US President Barack Obama yesterday shelved a Bush-era plan for an Eastern European missile defense plan that has been a major irritant in American relations with Russia.

He said a redesigned defensive system would be cheaper and more effective against the threat from Iranian missiles.

"Our new missile defense architecture in Europe will provide stronger, smarter and swifter defenses of American forces and America's allies," Obama said from the White House. "It is more comprehensive than the previous program, it deploys capabilities that are proven and cost effective, and it sustains and builds upon our commitment to protect the US homeland."

The missile defense system, planned under the Bush administration, was to have been built in the Czech Republic and Poland. Obama phoned Czech Prime Minister Jan Fischer on Wednesday night and Polish Prime Minister Donald Tusk yesterday to alert them of his decision.

It was immediately unclear whether any part of the new system would still be installed in those nations, which agreed to host the Bush-planned shield at considerable cost in public opinion and their relations with Russia.

Obama said the US will continue to work cooperatively with what he called "our close friends and allies."

But the US president said the old plan was scrapped in part because, after a seven-month review, the US has concluded that Iran is less focused on developing the kind of long-range missiles for which the system was originally developed, making the building of an expensive new shield unnecessary. New technology also has arisen that military advisers decided could be deployed sooner and more effectively, he said.

Anticipating criticism from the right that he was weakening America's security, Obama said repeatedly that this decision would provide more - not less - protection.

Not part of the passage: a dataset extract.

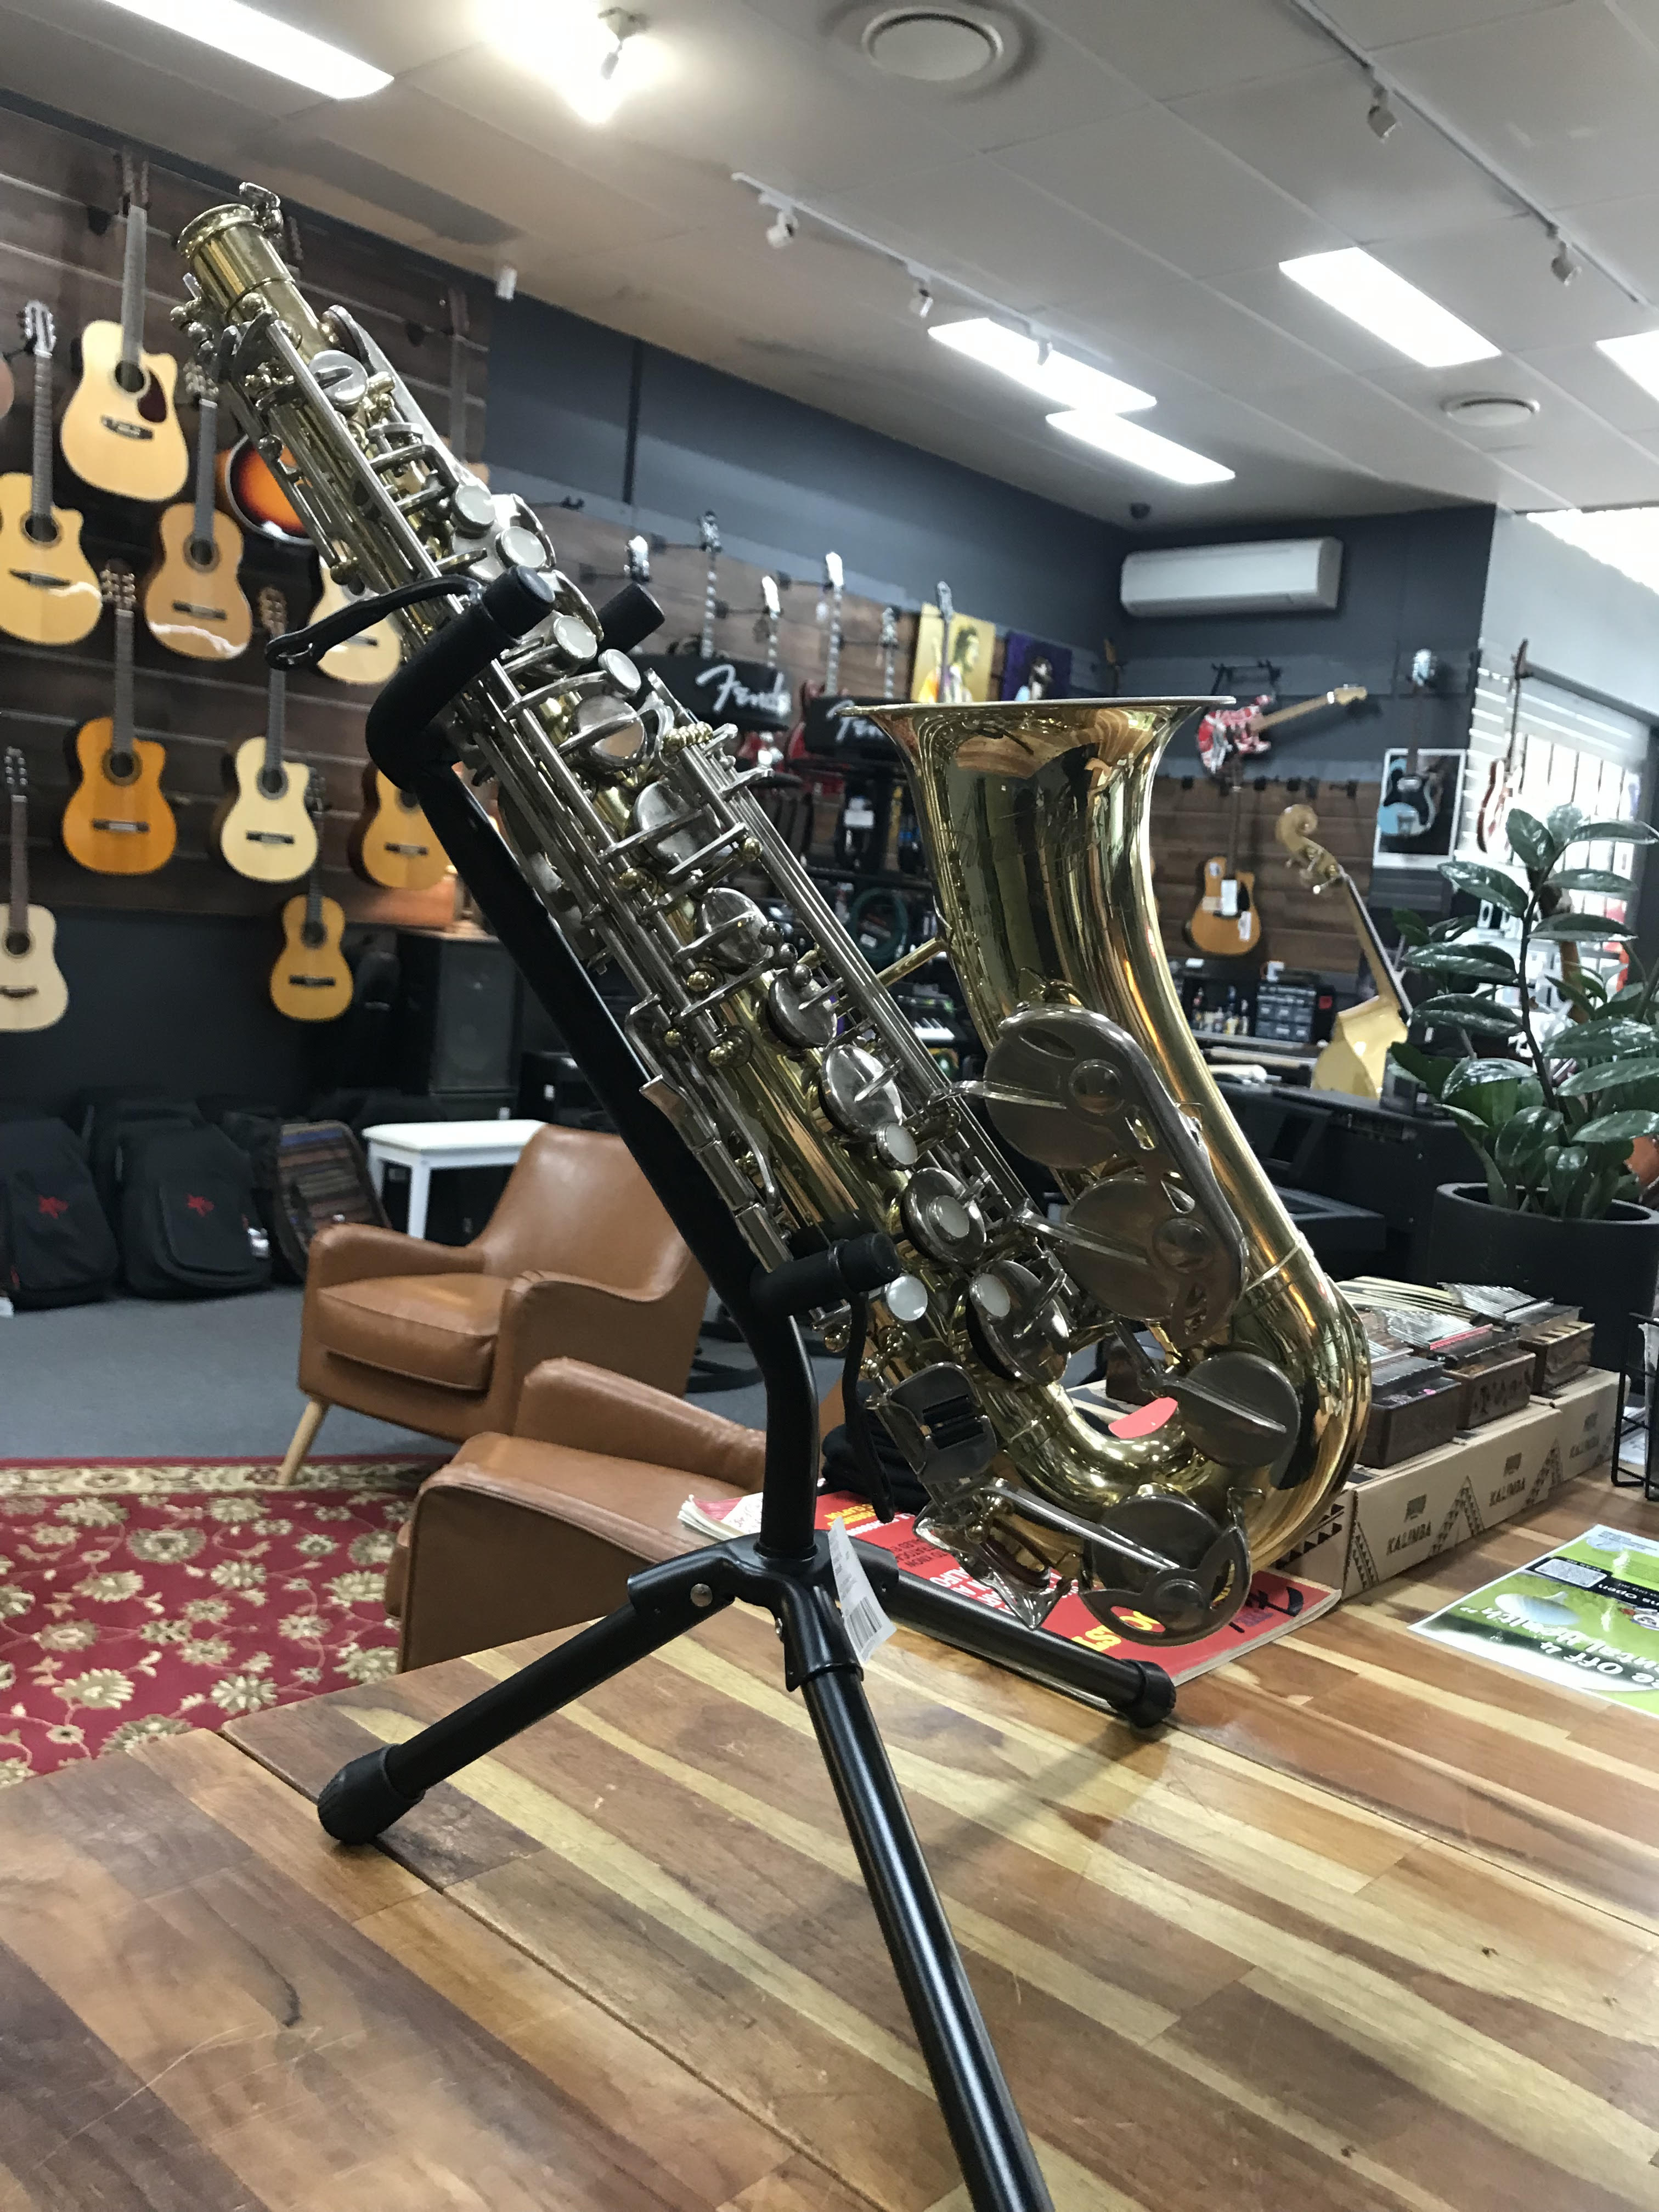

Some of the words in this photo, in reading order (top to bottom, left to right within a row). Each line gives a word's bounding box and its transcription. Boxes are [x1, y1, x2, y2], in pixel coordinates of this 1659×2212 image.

"I'm committed to deploying strong missile defense systems that are adaptable to the threats of the 21st century," Obama said.

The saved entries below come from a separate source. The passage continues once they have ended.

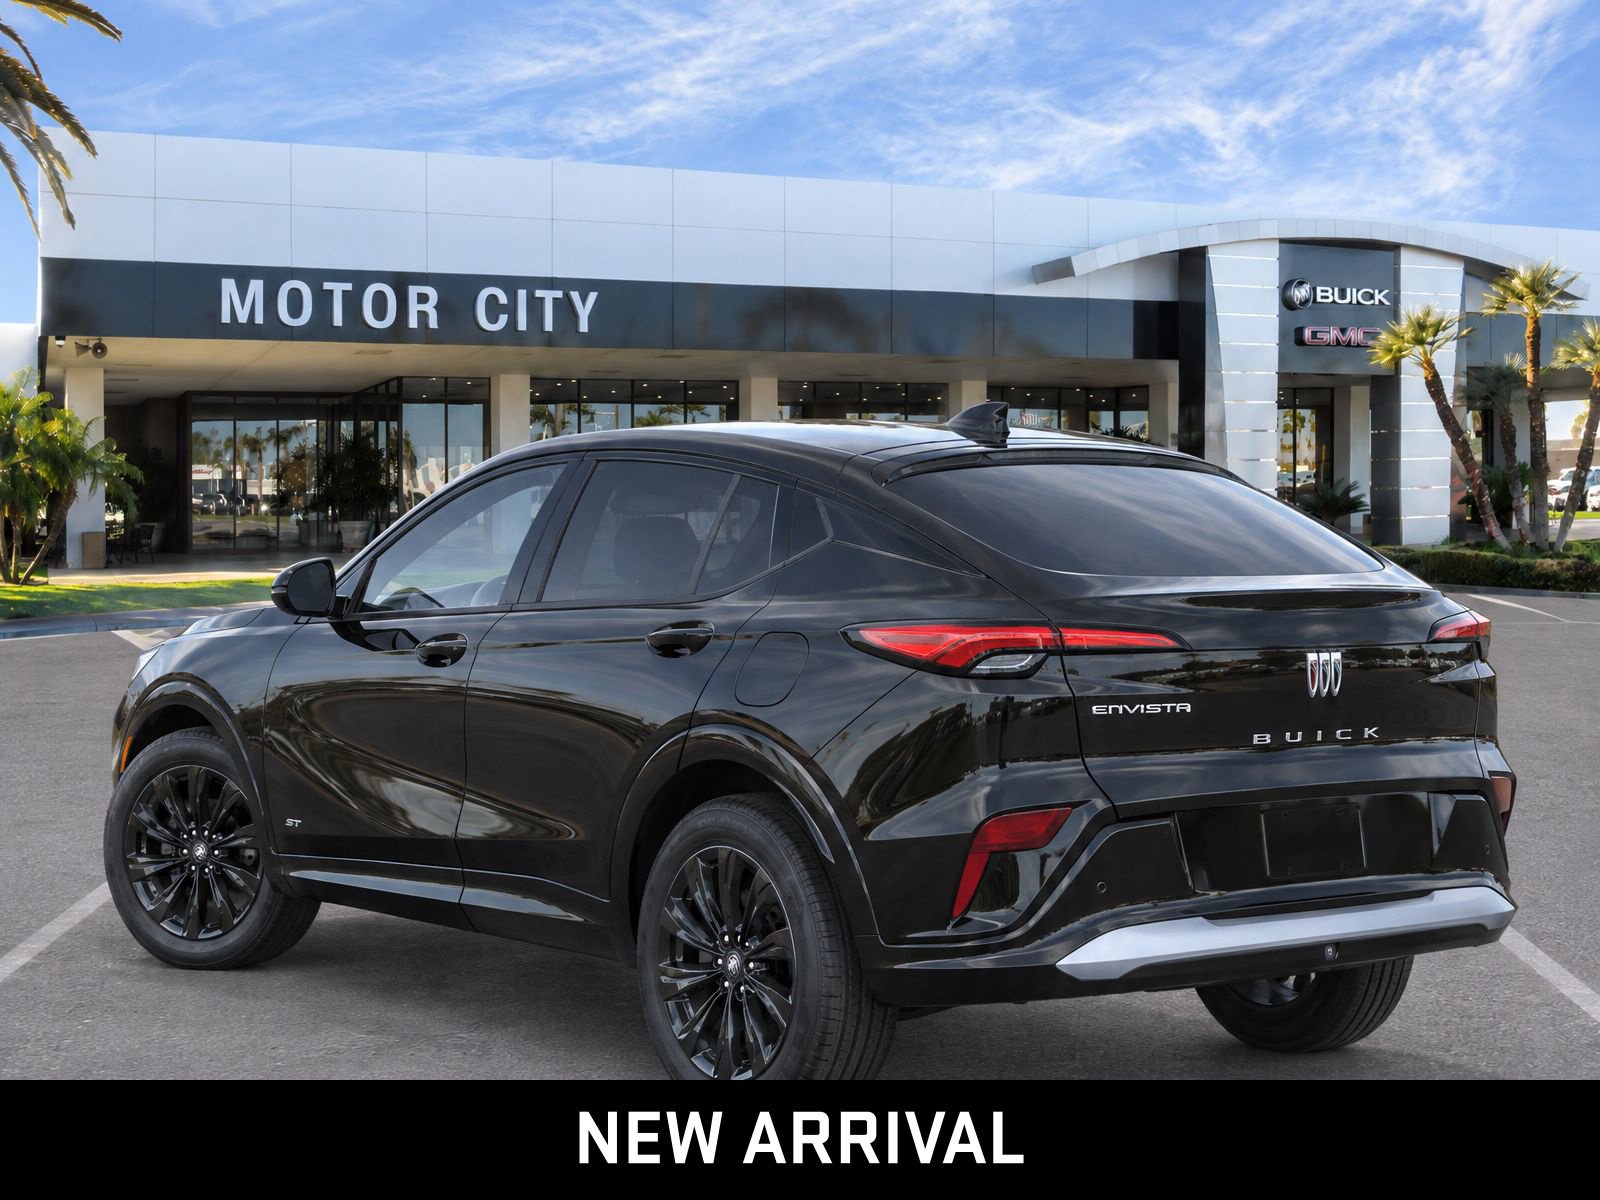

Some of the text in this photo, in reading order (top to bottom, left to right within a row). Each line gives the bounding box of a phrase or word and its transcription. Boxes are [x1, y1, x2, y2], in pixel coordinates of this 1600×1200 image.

[221, 278, 599, 333] MOTOR CITY
[1316, 286, 1392, 306] BUICK
[1091, 702, 1192, 715] ENVISTA
[1252, 726, 1380, 745] BUICK
[285, 818, 302, 828] ST

The criticism came immediately. Representative Eric Cantor, the second-ranking Republican in the House, said he would "work to overturn this wrong-headed policy."

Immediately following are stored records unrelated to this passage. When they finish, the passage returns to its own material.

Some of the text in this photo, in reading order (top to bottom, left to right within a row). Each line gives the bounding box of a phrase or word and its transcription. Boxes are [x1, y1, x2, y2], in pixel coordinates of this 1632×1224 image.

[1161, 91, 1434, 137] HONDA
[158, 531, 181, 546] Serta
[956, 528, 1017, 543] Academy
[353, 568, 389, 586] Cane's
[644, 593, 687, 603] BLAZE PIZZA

"Scrapping our missile defense effort in Europe has severe consequences for our diplomatic relations and weakens our national security," Cantor said in a statement. "Our allies, especially Poland and the Czech Republic, deserve better, and our people deserve smarter and safer."

Obama also made a pointed reference to Russia and its objections to the shield: "Its concerns about our previous missile defense programs were entirely unfounded."

NATO Secretary-General Anders Fogh Rasmussen called the US decision "a positive step."

And Konstantin Kosachev, head of the foreign affairs committee in the lower house of Russia's parliament, said, "It reflects understanding that any security measure can't be built entirely on the basis of one nation."